A polêmica Lei de Segurança Online do Reino Unido agora é lei

A controversa Lei de Segurança Online do Reino Unido agora é oficialmente lei

Jeremy Wright foi o primeiro de cinco ministros do Reino Unido encarregados de promover a histórica legislação do governo britânico sobre a regulação da internet, o Projeto de Lei sobre Segurança Online. O atual governo do Reino Unido gosta de rotular suas iniciativas como “as melhores do mundo”, mas por um breve período em 2019 isso poderia ter sido verdade. Na época, há três primeiros ministros atrás, o projeto de lei – ou pelo menos o livro branco que serviria de base – delineou uma abordagem que reconhecia que as plataformas de mídia social já eram árbitros de fato do que era um discurso aceitável em grande parte da internet, mas que essa era uma responsabilidade que eles não necessariamente queriam e nem sempre eram capazes de assumir. Empresas de tecnologia foram criticadas por coisas que deixaram passar, mas também, por defensores da liberdade de expressão, por coisas que tiraram do ar. “Houve uma espécie de percepção emergente de que a autorregulação não seria viável por muito mais tempo”, diz Wright. “E, portanto, os governos precisavam se envolver.”

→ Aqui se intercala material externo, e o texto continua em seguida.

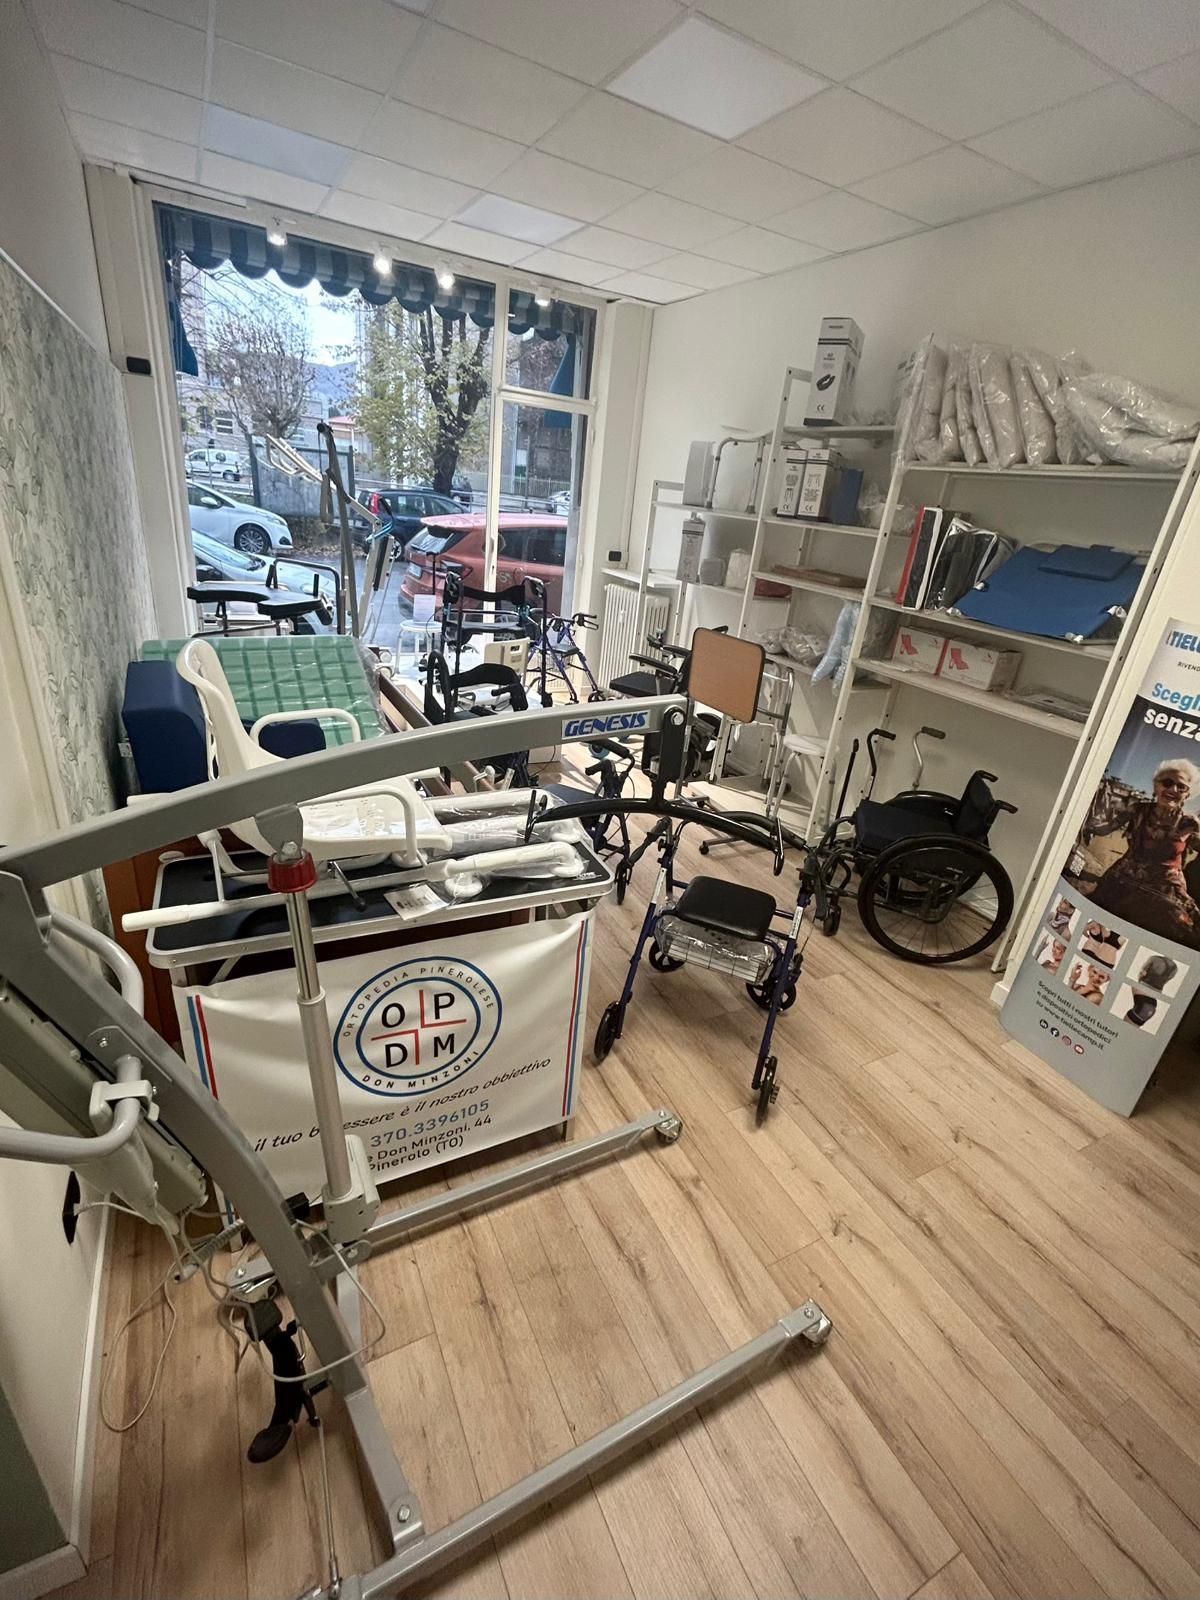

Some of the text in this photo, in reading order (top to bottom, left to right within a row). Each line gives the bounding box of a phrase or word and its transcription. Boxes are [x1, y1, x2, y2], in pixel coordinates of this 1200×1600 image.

[1170, 631, 1200, 653] TIEL
[1152, 682, 1200, 711] Scegl
[564, 712, 648, 736] GENESIS
[342, 966, 494, 1038] ORTOPEDIA PINEROLESE
[1073, 1017, 1112, 1045] ortopedici
[362, 1050, 479, 1089] DON MINZONI
[254, 1058, 551, 1152] il tuo bessere è il nostro obbiettivo
[370, 1099, 490, 1148] 370.3396105
[376, 1144, 407, 1161] Don
[411, 1122, 472, 1150] Minzoni,
[474, 1114, 492, 1129] 44
[435, 1135, 464, 1154] (TO)

O projeto de lei propunha definir uma forma de lidar com o “conteúdo legal, mas prejudicial” – material que não era explicitamente contra a lei, mas que, individualmente ou em conjunto, representava um risco, como desinformação em saúde, postagens que incentivam suicídio ou distúrbios alimentares, ou desinformação política com potencial para prejudicar a democracia ou causar pânico. O projeto de lei teve seus críticos – especialmente aqueles que se preocupavam que desse muito poder às gigantes da tecnologia. Mas ele foi amplamente elogiado como uma tentativa ponderada de lidar com um problema que estava crescendo e evoluindo mais rápido do que a política e a sociedade conseguiam se adaptar. Dos seus 17 anos no parlamento, Wright diz: “Eu não tenho certeza se já vi algo com um consenso político tão amplo quanto essa possível legislação.”

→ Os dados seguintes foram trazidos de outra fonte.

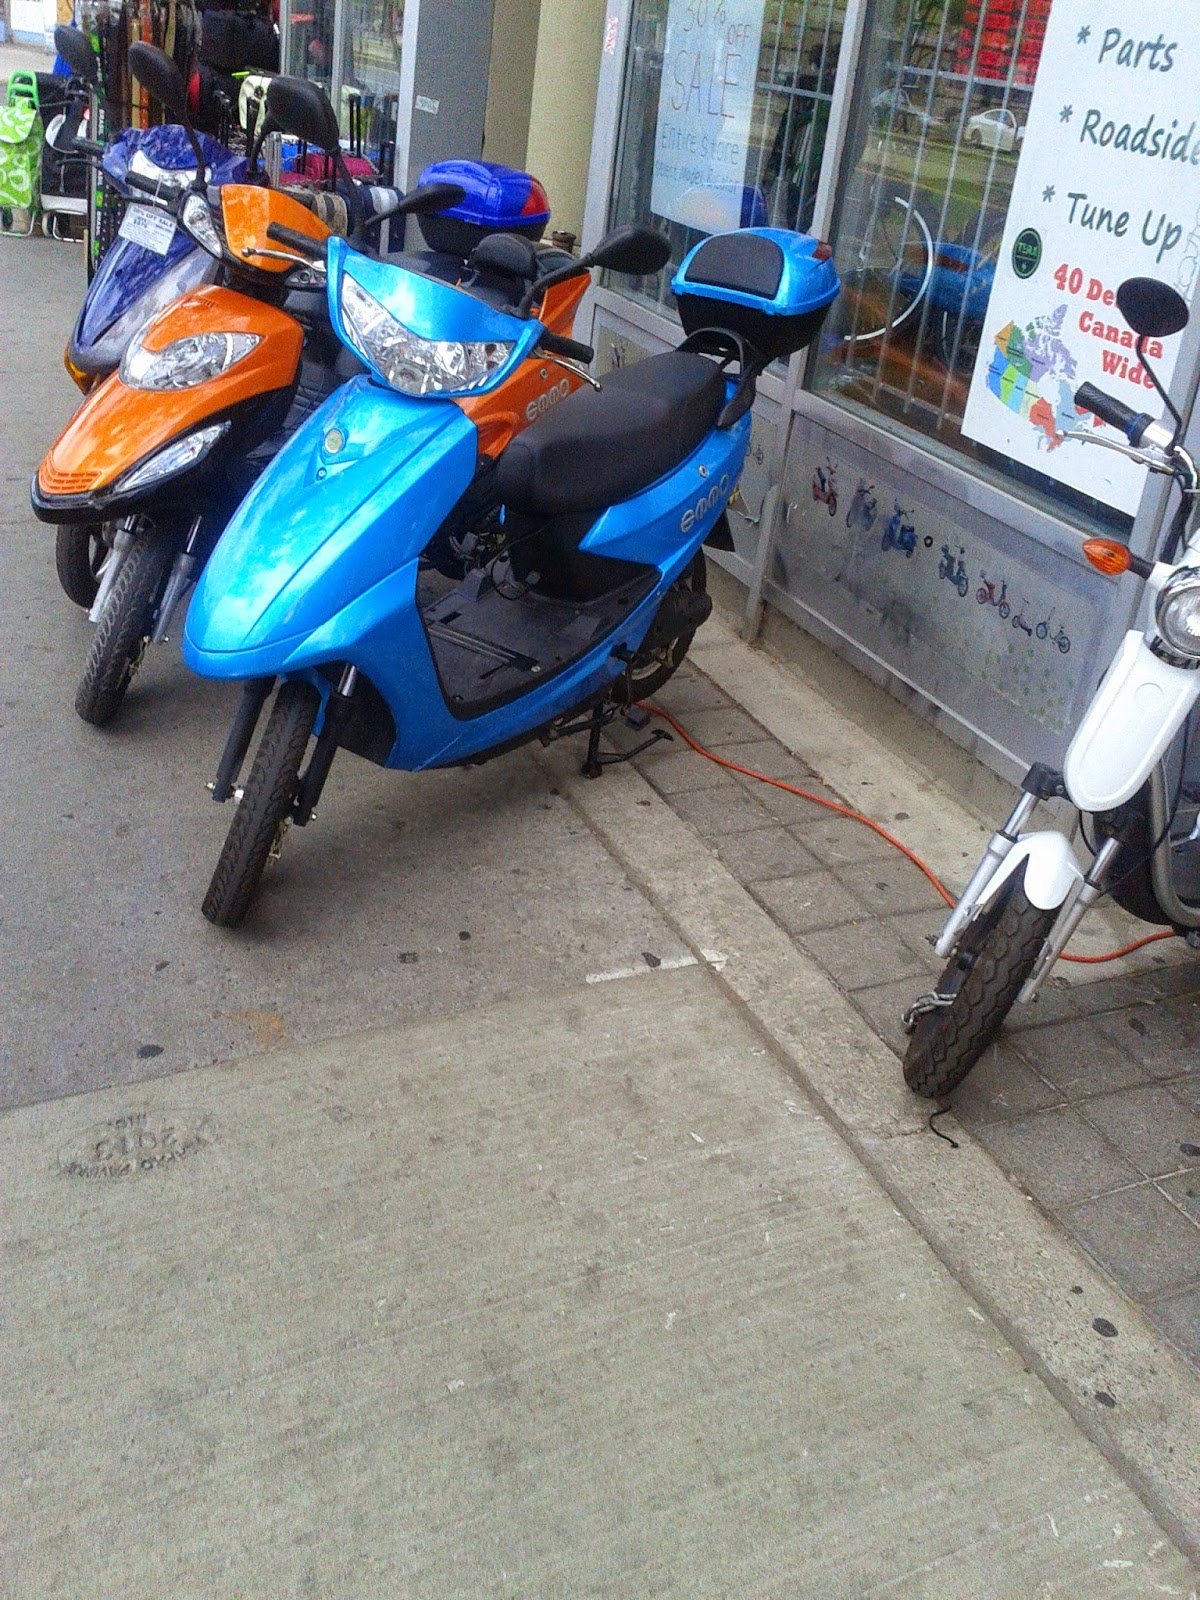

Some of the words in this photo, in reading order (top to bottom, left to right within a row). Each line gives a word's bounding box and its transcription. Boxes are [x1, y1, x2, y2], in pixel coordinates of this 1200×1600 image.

[727, 24, 751, 48] OFF
[1098, 27, 1178, 72] Parts
[671, 49, 742, 119] SALE
[1080, 108, 1200, 166] Roadside
[1067, 191, 1130, 238] Tune
[1141, 209, 1183, 265] Up
[1054, 263, 1083, 294] 40
[1078, 310, 1164, 359] Canada
[1102, 349, 1155, 389] Wide

Depois de passar, eventualmente, pelas duas casas do Parlamento do Reino Unido, o projeto de lei recebeu o consentimento real hoje. Ele já não é mais considerado o melhor do mundo – o Regulamento de Serviços Digitais competidor da União Europeia entrou em vigor em agosto. E a Lei de Segurança Online entra em vigor como uma legislação mais abrangente e controversa do que aquela que Wright defendeu. As mais de 200 cláusulas da lei abrangem um amplo espectro de conteúdo ilegal que as plataformas serão obrigadas a abordar e dão às plataformas um “dever de cuidado” sobre o que seus usuários – principalmente crianças – veem online. Alguns dos princípios mais sutis em torno dos danos causados pelo conteúdo legal, mas prejudicial, foram enfraquecidos, e foi adicionado um requisito altamente divisivo para que as plataformas de mensagens analisem as mensagens dos usuários em busca de material ilegal, como abuso sexual de crianças, o que empresas de tecnologia e defensores da privacidade consideram um ataque indevido à criptografia.

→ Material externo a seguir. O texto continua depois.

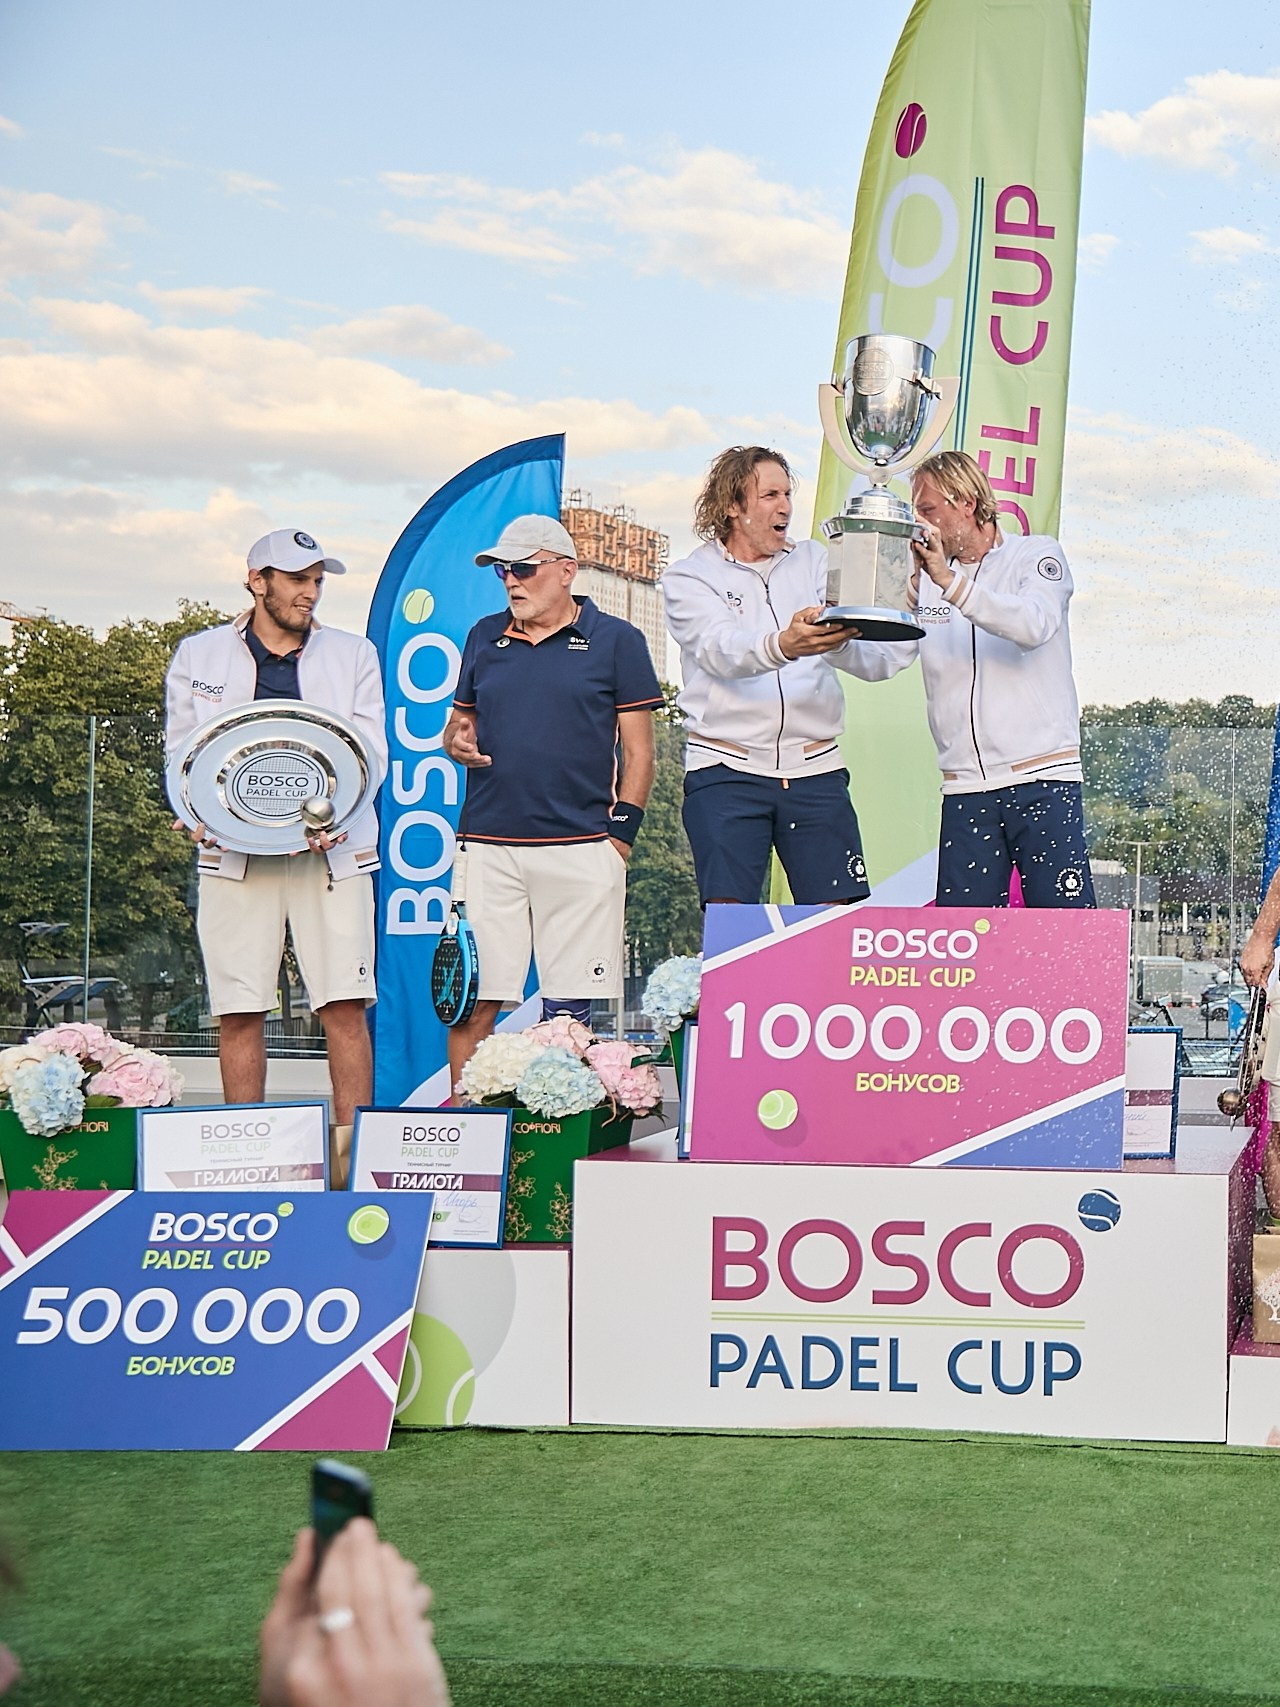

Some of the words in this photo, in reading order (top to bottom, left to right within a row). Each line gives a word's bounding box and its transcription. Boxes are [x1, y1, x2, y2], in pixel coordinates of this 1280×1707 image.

[990, 184, 1055, 366] CUP
[918, 606, 951, 615] BOSCO
[192, 680, 225, 695] BOSCO
[247, 774, 309, 788] BOSCO
[386, 632, 462, 935] BOSCO
[246, 788, 280, 798] PADEL
[285, 789, 308, 798] CUP
[851, 927, 979, 960] BOSCO
[850, 965, 922, 987] PADEL
[929, 967, 976, 988] CUP
[938, 1005, 1103, 1065] 000
[856, 1072, 960, 1093] БОНУСОВ
[201, 1121, 271, 1140] BOSCO
[402, 1126, 461, 1143] BOSCO
[201, 1142, 238, 1155] PADEL
[247, 1141, 271, 1153] CUP
[401, 1146, 433, 1158] PADEL
[438, 1146, 460, 1158] CUP
[194, 1167, 280, 1186] ГРАМОТА
[392, 1172, 464, 1190] ГРАМОТА
[148, 1212, 280, 1242] BOSCO
[142, 1249, 214, 1270] PADEL
[223, 1249, 272, 1270] CUP
[711, 1215, 1086, 1309] BOSCO
[16, 1286, 179, 1345] 500
[191, 1286, 361, 1345] 000
[126, 1355, 236, 1376] БОНУСОВ
[709, 1332, 919, 1393] PADEL
[946, 1338, 1082, 1396] CUP

Empresas, desde as gigantes da tecnologia até plataformas menores e aplicativos de mensagens, terão que cumprir uma longa lista de novos requisitos, começando pela verificação de idade de seus usuários. (A Wikipédia, o oitavo site mais visitado no Reino Unido, disse que não será capaz de cumprir a regra porque viola os princípios da Fundação Wikimedia sobre coleta de dados de seus usuários.) As plataformas terão que impedir que os usuários mais jovens vejam conteúdo inadequado para sua idade, como pornografia, cyberbullying e assédio; divulgar avaliações de riscos sobre perigos potenciais para crianças em seus serviços; e fornecer aos pais vias fáceis para relatar problemas. Agora será ilegal enviar ameaças de violência, incluindo estupro, online, assim como apoiar ou incentivar autolesão online ou transmitir pornografia fake, e as empresas terão que agir rapidamente para removê-las de suas plataformas, juntamente com anúncios de golpes.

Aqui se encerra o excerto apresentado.